Interpretable machine learning framework for predicting pesticide phytotoxicity in wastewater reuse: Integrating molecular, quantum, and experimental descriptors.
Journal:
Environmental research
Published Date:
Nov 20, 2025
Abstract
Pesticides are essential for crop protection, but their potential toxicity poses significant environmental and health risks. Although numerous toxicological studies have been conducted, accurately predicting pesticide phytotoxicity remains challenging due to the complex interactions between molecular properties and environmental factors. Current predictive models, such as quantitative structure-activity relationship (QSAR) approaches, often rely predominantly on molecular descriptors, neglecting the influence of contextual environmental conditions. This study addresses this gap by developing an explainable machine learning (ML) framework for predicting pesticide phytotoxicity (EC50) that integrates molecular descriptors, quantum chemical descriptors (QCDs), and experimental conditions. This integration of intrinsic chemical properties and contextual environmental factors not only enhanced predictive accuracy but also provided crucial model interpretability, moving beyond traditional black-box approaches.
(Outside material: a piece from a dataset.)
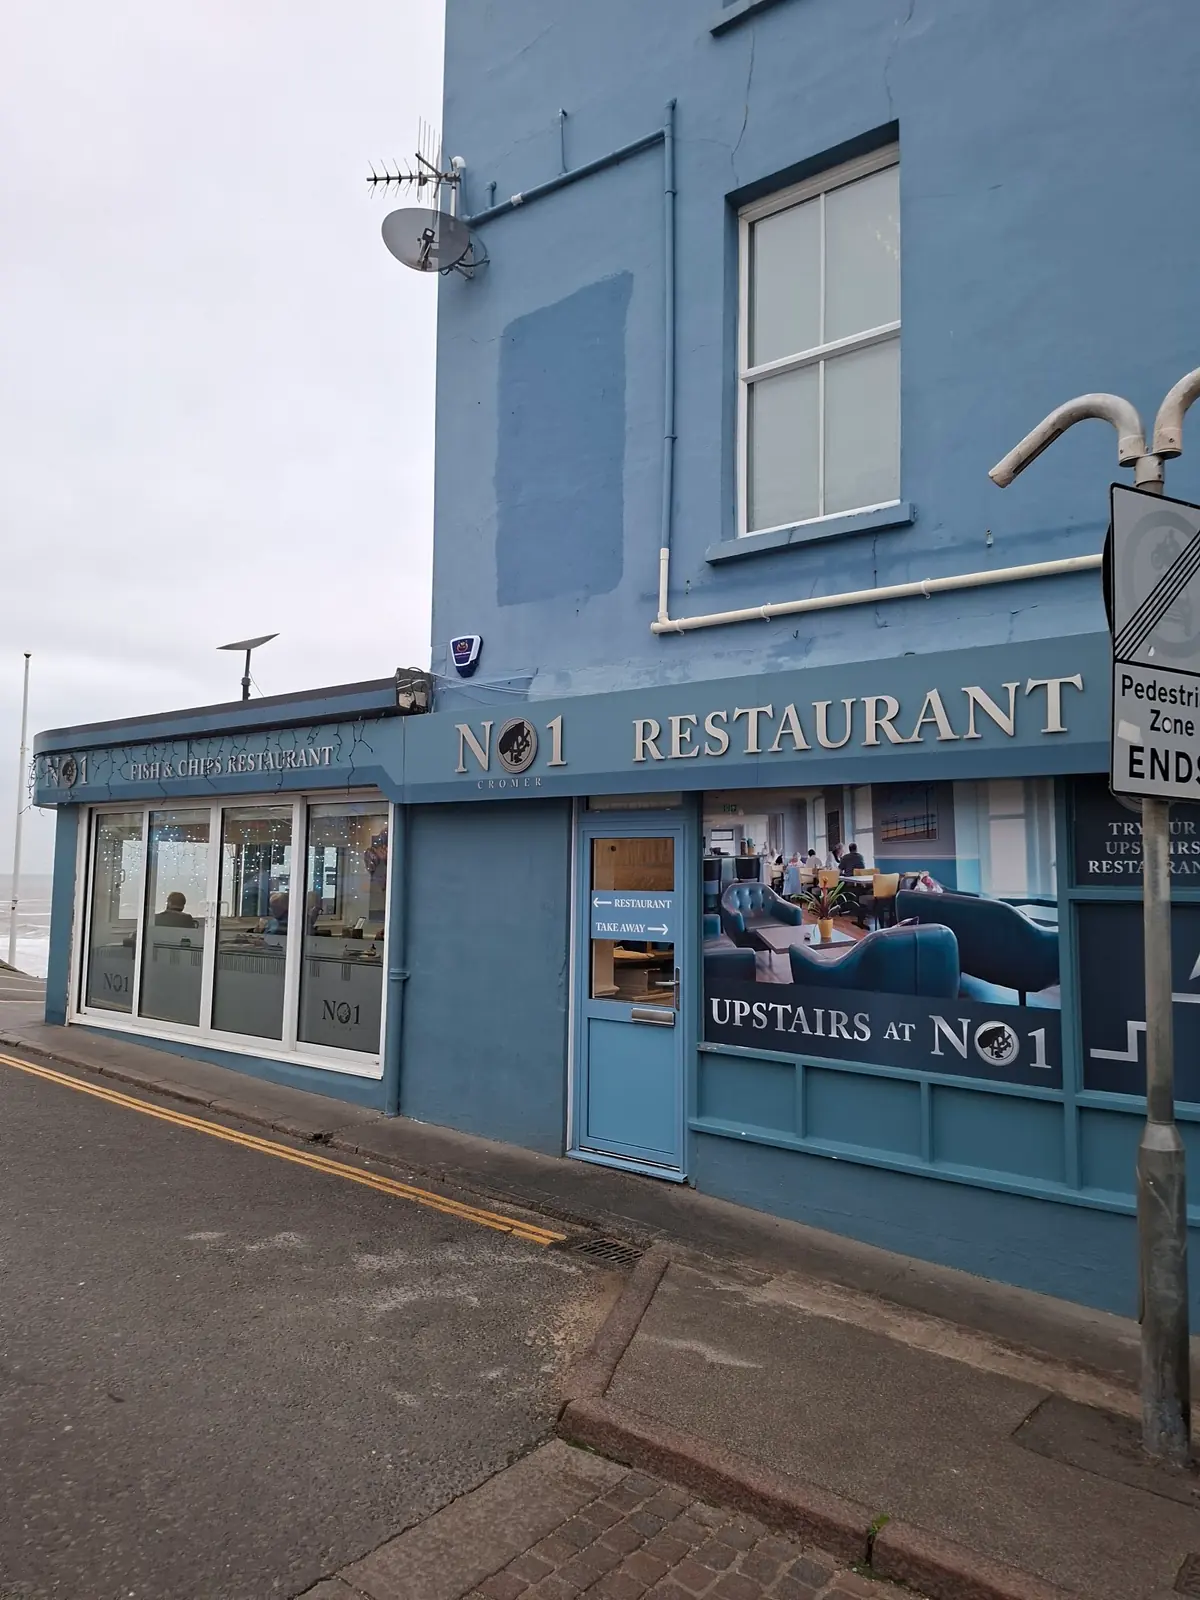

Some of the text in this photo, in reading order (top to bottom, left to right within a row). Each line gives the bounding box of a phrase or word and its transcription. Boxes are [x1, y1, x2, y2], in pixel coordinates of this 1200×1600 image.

Using a carefully curated dataset from seed germination and growth inhibition assays across diverse plant species and media types, XGBoost demonstrated superior performance, achieving an R2 of 0.69 and RMSE of 0.80 in 10-fold cross-validation, and an R2 of 0.75 and RMSE of 0.81 in external validation. Model interpretability was explored using Shapley Additive Explanations (SHAP), partial dependence plots (PDPs), and two-dimensional PDPs, revealing that exposure duration, log Koc, and water solubility were key determinants of phytotoxicity. Local SHAP analysis confirmed the mechanistic consistency of our model with established toxicological principles, showing how contextual exposure factors modulate compound-specific toxicity outcomes. Overall, this study demonstrates that interpretable ML models can enhance ecotoxicological assessments by combining predictive accuracy with mechanistic insights, offering a valuable tool for environmental monitoring, sustainable pesticide regulation, and agricultural wastewater reuse.